Stocks discussed on the in-depth session of Jim Cramer's Mad Money TV Program, Friday December 18.

Nike (NYSE:NKE), Under Armour (NYSE:UA), General Mills (NYSE:GIS), (NYSE:CRM), Oracle (NASDAQ:ORCL), Darden (NYSE:DRI), Research in Motion (RIM), CarMax (NYSE:KMX)

Cramer suggests investors bend a cardinal Mad Money rule; instead of taking profits on gains, he would let stocks run until the end of the year. Why? There is little reason to think that stocks will fall between now and the New Year. First, the S&P 500 is up over 20% this year and that has happened exactly 7 times in the last 20 years. Out of the 7 times this happened, only once did the market decline the last two weeks of the year. Second, hedge fund managers want to prove to their clients that they are keeping up with the S&P 500 and will want to expand their holdings in stronger stocks. Analysts don't want to upset hedge fund managers, so they are unlikely to downgrade stocks the next couple of weeks, and given the companies scheduled to report, like General Mills (GIS) which will likely report strong numbers, the odds are against downgrades.

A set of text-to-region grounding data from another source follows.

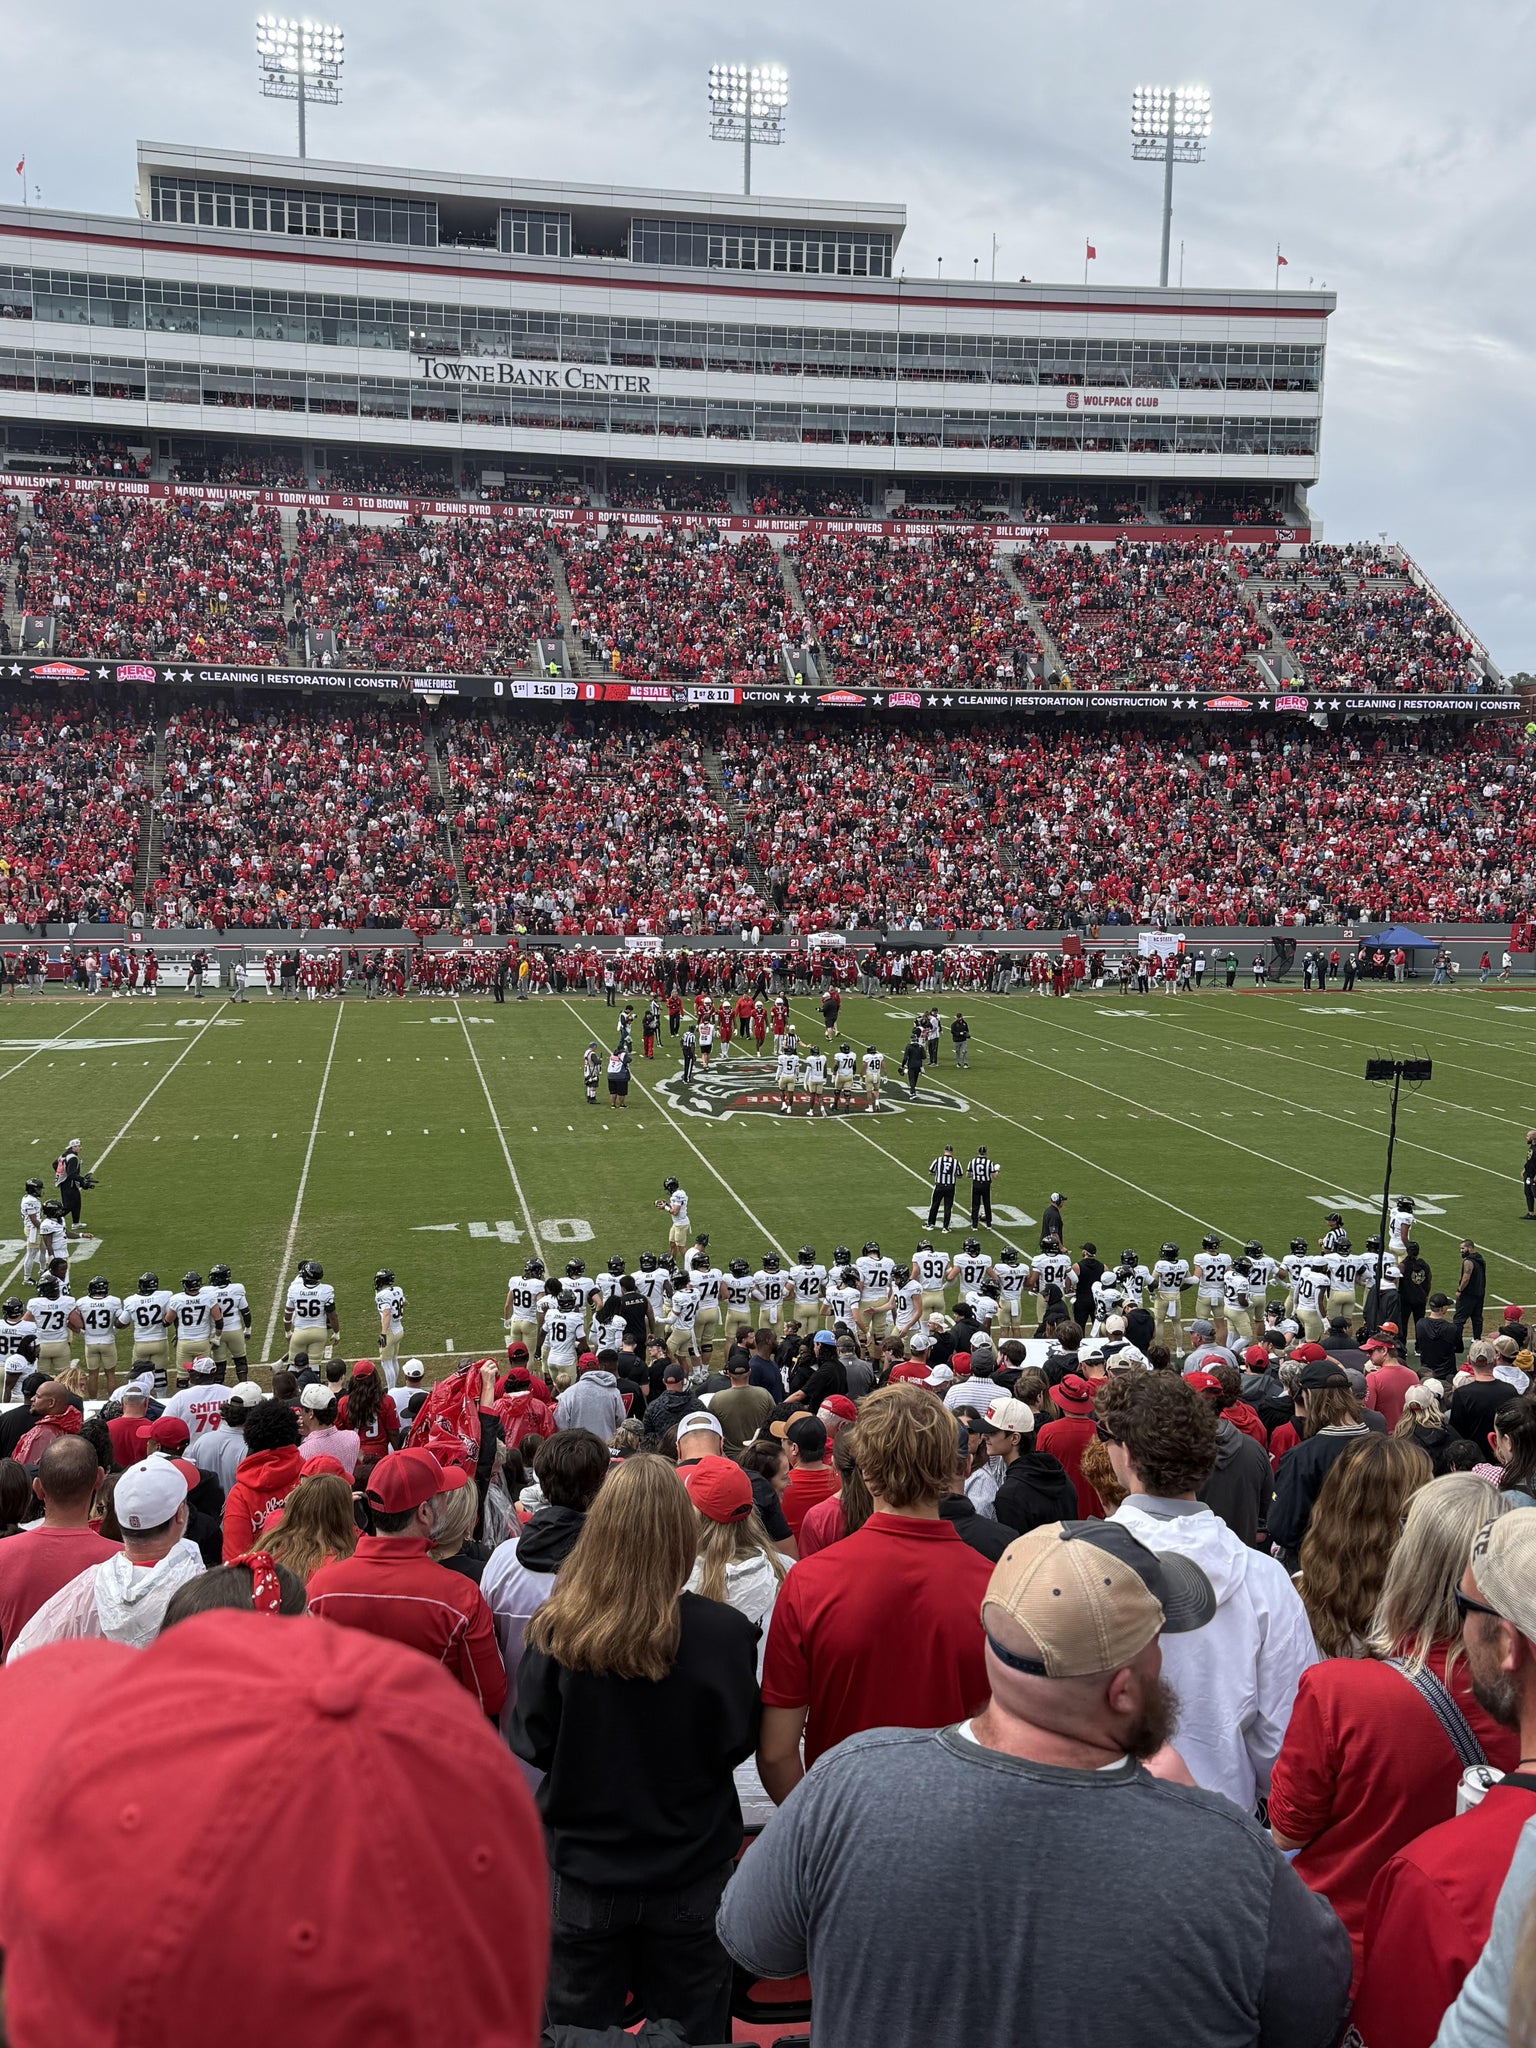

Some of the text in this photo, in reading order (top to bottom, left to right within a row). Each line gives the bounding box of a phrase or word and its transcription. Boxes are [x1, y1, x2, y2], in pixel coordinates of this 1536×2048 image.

[1083, 395, 1159, 408] WOLFPACK CLUB
[75, 480, 116, 492] BRAEY
[118, 482, 149, 495] CHUBB
[175, 487, 204, 498] MARIO
[206, 488, 253, 501] WILLIAMS
[265, 492, 330, 506] 81 TORRY HOLT
[343, 497, 409, 511] 23 TED BROWN
[421, 502, 491, 515] 77 DENNIS BYRD
[503, 507, 574, 520] 40 DK CRISTY
[586, 511, 594, 521] 18
[629, 513, 658, 524] GABRIE
[742, 519, 803, 531] 51 JIM RITCHE
[827, 522, 853, 532] PHILIP
[855, 523, 882, 533] RIVERS
[893, 524, 901, 534] 16
[997, 526, 1013, 536] BILL
[316, 633, 324, 641] 27
[42, 667, 77, 675] SERVPRO
[117, 665, 156, 678] HERO
[199, 671, 398, 689] CLEANING RESTORATION CONSTR
[414, 679, 456, 690] WAKE FOREST
[494, 681, 503, 696] 0
[533, 684, 556, 695] 1:50
[586, 684, 595, 699] 0
[630, 686, 669, 697] NC STATE
[707, 690, 715, 700] &
[717, 690, 729, 701] 10
[742, 691, 780, 701] UCTION
[889, 692, 921, 704] HERO
[958, 696, 1168, 707] CLEANING RESTORATION CONSTRUCTION
[1275, 697, 1308, 708] HERO
[1345, 700, 1521, 710] CLEANING RESTORATION CONSTR
[131, 933, 141, 942] 19
[1343, 930, 1353, 938] 23
[462, 938, 474, 947] 20
[790, 939, 799, 947] 21
[786, 1060, 793, 1071] 5
[815, 1061, 822, 1072] 11
[842, 1058, 854, 1069] 70
[869, 1059, 881, 1070] 48
[943, 1162, 951, 1173] F
[976, 1164, 984, 1175] C
[468, 1218, 595, 1244] 40
[923, 1260, 944, 1279] 93
[964, 1265, 985, 1283] 87
[1044, 1265, 1064, 1283] 84
[1205, 1265, 1226, 1282] 23
[1335, 1265, 1356, 1283] 40
[868, 1270, 888, 1287] 76
[1003, 1275, 1024, 1291] 27
[1163, 1271, 1185, 1288] 35
[1250, 1268, 1266, 1286] 21
[644, 1280, 655, 1298] 7
[699, 1280, 719, 1301] 74
[765, 1283, 780, 1300] 18
[799, 1277, 820, 1295] 42
[512, 1288, 532, 1308] 88
[728, 1287, 747, 1304] 25
[136, 1304, 162, 1327] 62
[181, 1305, 206, 1326] 67
[296, 1299, 322, 1318] 56
[832, 1300, 845, 1317] 17
[40, 1310, 65, 1330] 73
[86, 1309, 110, 1330] 43
[552, 1322, 567, 1342] 18
[195, 1413, 222, 1433] 79

Concerning the coming week's earnings reports, General Mills (GIS) is expected to show strength in the food and beverage group. CarMax's (KMX) sales are up which means the company needs to beef up its inventory. Cramer would buy (CRM) following Oracle's (ORCL) quarter and Under Armour (UA) on Nike's report.

The only bad news Cramer expects is from the doom and gloom media, which might make cynical remarks about the pace of holiday shopping or foreclosures, but such bearish reporting is typical. Basically, Cramer's game plan is to do nothing; “If history’s any judge,” he said, “you can have a happy and profitable holiday season simply by letting others make money for you.”

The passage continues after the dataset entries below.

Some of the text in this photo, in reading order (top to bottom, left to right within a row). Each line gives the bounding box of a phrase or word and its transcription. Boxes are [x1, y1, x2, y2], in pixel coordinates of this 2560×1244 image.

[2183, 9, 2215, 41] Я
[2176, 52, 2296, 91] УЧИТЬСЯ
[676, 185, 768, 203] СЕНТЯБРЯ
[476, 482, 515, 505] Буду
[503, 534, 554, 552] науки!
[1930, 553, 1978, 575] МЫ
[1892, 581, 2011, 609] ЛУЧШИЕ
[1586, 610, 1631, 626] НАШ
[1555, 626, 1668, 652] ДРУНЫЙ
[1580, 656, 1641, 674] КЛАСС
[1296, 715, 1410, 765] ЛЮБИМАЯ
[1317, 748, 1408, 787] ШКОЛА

CEO Interview: Keith Jackson, ON Semiconductor (ONNN), California MicroDevices (CAMD)

Cramer feels that his mobile internet tsunami thesis has been defended by the success of companies like ON Semiconductor, which has risen 43% since his recommendation in May. However, the question now is whether to hold onto ON or to let go? Cramer thinks the company has further to run and is not worried, as some critics are, about ON's offer to pay a 54% premium for California MicroDevices (CAMD). Keith Jackson explained the company thrives on its growth in Asia and its ability to sell more units by offering lower prices ahead of the market. California MicroDevices will benefit ON which will be able to sell CAMD's devices at a lower cost. Jackson says the company has been using extra cash to buy back stock, make acquisitions and recently, to buy back high interest bonds to clear the balance sheet. Cramer thinks ON is not finished going up.

MetroPCS (PCS), Leap Wireless International (LEAP), Sprint (NYSE:S), AT&T (NYSE:T), Verizon (NYSE:VZ)

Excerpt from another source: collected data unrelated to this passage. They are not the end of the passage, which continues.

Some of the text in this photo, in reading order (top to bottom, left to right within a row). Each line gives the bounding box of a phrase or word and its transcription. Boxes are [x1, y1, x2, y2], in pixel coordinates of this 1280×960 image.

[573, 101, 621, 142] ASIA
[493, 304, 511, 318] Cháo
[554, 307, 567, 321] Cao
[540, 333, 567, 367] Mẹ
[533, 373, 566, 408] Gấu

Can a stock that is down 50% for the year still be a winner? Cramer thinks so, if the negativity is excessive and if there is upside potential. This $7 stock (which at one time was at $40) used to dominate the pre-paid wireless market along with Leap Wireless International (LEAP), but with Sprint (S), AT&T (T) and Verizon (VZ) moving in, increased competition looks grim for the company. However, there is a limit to how low pre-paid wireless subscriptions can go according to costs at each company; a subscription is not sustainable at less than $35. MetroPCS is still taking market share, and even in the worst case scenario of a price war, may still rise 22%. Cramer would buy MetroPCS as a speculation play, especially amid the end of the year selling to avoid taxes.

Wall of Shame: C. Dowd Ritter, Regions Financial (NYSE:RF), Wes Edens, Fortress Financial Group (NYSE:FIG)

C. Dowd Ritter is finally retiring after “his catastrophic tenure as the CEO of Regions" during which he saw the stock price fall 86%. He will be remembered for taking his family on a private vacation on the company jet almost immediately after accepting $3.5 billion in TARP money. Wes Edens of Fortress Financial Group (FIG) will be occupying the spot vacated by Ritter. Cramer thinks private equity in general has a knack for messing up IPOs, but his main complaint against Edens is his refusal to pay a dividend for the sixth straight quarter. Edens is "wrecking shareholder value" and "should take a cue from C. Dowd Ritter" and take a permanent vacation (without the company jet).